The U.S. Army moved quickly toward the prosecution of Sgt. Bowe Bergdahl with the announcement Thursday by U.S. Forces Command that the accused will be arraigned next week at Fort Bragg, North Carolina, on charges of desertion and misbehavior before the enemy.
The arraignment hearing Dec. 22 at the Fort Bragg Courtroom at which Bergdahl will be expected to enter a plea will mark the first time that he has appeared before a military judge since he was released in May 2014 from captivity in exchange for five Taliban detainees held at the Guantanamo Bay, Cuba, naval base.
Under the Uniform Code of Military Justice, the charges against the 29-year-old Bergdahl will be read out by the trial counsel, or prosecutor, at the hearing unless the reading is waived by Bergdahl and his defense team. The military judge will then ask Bergdahl to enter a plea and consider a tentative date for trial.
The arraignment will come eight days after Gen. Robert B. Abrams, the head of the command and the military convening authority in Bergdahl's case, ordered him to face a general court-martial, the highest military trial venue reserved for what would be felonies in civilian law.

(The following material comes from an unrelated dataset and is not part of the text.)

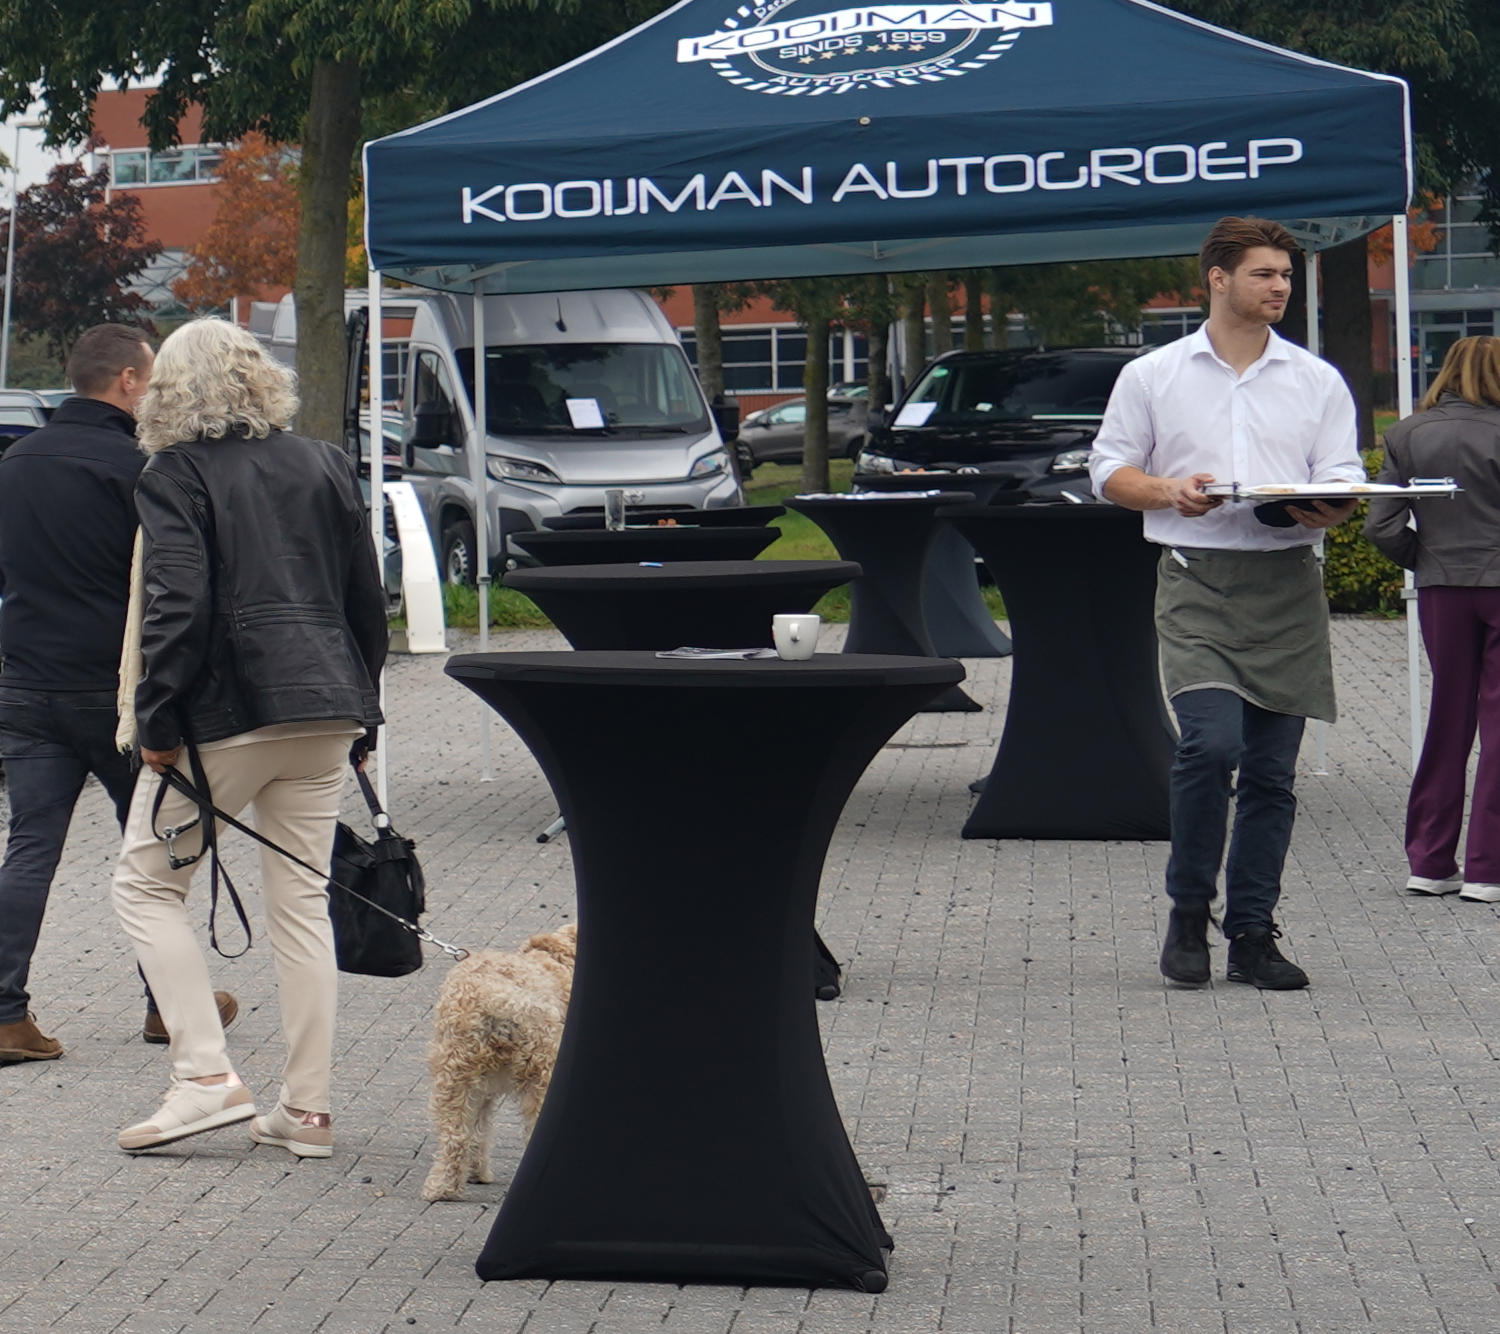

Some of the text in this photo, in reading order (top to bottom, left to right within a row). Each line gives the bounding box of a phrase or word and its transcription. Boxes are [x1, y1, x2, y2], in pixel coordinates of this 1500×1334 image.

Abrams referred charges of one count of violation of the UCMJ's Article 85 -- "desertion with intent to shirk important or hazardous duty" -- and one count of Article 99 -- "misbehavior before the enemy by endangering the safety of a command, unit or place." The misbehavior count could bring a sentence of life imprisonment upon conviction.
A brief statement from the command said, "In the military justice system, similar to many civilian justice systems, an arraignment is generally the accused's first appearance before a military judge."
Bergdahl has been assigned to clerical duties with U.S. Army North at Joint Base San Antonio in Texas and has received a good conduct medal since his release.
Through his defense team, and in a lengthy interview with the popular podcast "Serial" last week, Bergdahl has claimed that he left Combat Outpost Mest-Malak in Afghanistan's southeastern Paktika province on June 30, 2009, on a mission to proceed 20 miles to Forward Operating Base Sharana.
Bergdahl said he intended to tell commanders at Sharana of problems in his unit that were endangering the lives of fellow soldiers.